Abstract
Two EDTA-based bichromophoric isomers form Zn(II) complexes that exhibit distinct fluorescent behaviors; the ligands are abbreviated as (edta1nap)H 2 and (edta2nap)H2, each of which consists of an EDTA chain linked to two 1-naphthyl or 2-naphthyl groups. The coordination chemistry of these complexes was studied by UV-Vis, fluorescence and 1H NMR. The formation constants and the inherent emission intensities were determined by the pH dependence of the emission spectra; the species of the most intense emission is ML(OH) for L = (edta1nap)2-, and ML for (edta2nap) 2-. The 1H NMR of Zn-(edta1nap)2- exhibits two sets of signals due to a slow exchange between two equivalent coordination geometries, whereas Zn-(edta2nap)2- undergoes a fast exchange to show a single set of NMR signals.
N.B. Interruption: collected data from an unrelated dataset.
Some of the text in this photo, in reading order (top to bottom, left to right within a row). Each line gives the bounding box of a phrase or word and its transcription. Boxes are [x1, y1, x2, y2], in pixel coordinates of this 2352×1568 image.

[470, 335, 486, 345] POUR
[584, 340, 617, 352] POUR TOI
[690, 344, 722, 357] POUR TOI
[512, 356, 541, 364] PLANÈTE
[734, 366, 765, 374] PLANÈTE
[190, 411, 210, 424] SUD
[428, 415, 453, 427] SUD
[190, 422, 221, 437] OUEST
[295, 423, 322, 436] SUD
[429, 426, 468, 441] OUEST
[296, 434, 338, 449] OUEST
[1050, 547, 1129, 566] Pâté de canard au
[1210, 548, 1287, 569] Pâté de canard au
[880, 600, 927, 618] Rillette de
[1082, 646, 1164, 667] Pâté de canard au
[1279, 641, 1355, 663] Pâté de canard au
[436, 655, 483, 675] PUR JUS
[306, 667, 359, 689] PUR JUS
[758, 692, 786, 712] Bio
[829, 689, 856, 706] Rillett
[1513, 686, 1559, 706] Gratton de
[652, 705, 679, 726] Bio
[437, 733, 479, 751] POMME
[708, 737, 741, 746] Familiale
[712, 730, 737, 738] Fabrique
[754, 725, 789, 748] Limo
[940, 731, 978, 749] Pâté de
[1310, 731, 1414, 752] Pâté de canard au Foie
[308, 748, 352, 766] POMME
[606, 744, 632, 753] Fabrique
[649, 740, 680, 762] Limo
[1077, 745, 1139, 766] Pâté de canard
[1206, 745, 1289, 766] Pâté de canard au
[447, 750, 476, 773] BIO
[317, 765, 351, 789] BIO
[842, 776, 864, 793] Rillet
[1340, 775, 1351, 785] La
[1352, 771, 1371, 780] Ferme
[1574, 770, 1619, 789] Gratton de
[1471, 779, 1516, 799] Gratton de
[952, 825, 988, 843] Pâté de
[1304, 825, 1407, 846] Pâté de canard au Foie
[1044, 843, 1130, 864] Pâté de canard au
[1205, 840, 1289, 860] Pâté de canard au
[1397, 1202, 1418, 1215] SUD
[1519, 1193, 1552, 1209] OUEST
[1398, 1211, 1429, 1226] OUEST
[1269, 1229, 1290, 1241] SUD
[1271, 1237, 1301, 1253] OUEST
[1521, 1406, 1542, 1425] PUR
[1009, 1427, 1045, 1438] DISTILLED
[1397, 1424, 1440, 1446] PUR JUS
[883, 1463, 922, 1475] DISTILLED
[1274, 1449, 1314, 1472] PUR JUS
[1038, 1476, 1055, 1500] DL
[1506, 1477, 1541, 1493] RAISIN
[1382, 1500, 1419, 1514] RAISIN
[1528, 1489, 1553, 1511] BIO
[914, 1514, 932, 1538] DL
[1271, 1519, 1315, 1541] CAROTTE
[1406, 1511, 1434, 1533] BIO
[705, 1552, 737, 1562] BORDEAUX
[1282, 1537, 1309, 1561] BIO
The spin-lattice relaxation time T1 determined for the isostructural Mn(II) complexes shows that the naphthyl proton closest to the metal ion is H(8) in the (edta1nap)2- complex, and H(3) in the (edta2nap)2- complex. The two ligands differ only in the substitution position of the naphthyl group, but this apparently small difference leads to the notable difference in structural, dynamic, and consequent emission-spectral properties of their metal complexes as a result of the steric and size effects of the aromatic rings.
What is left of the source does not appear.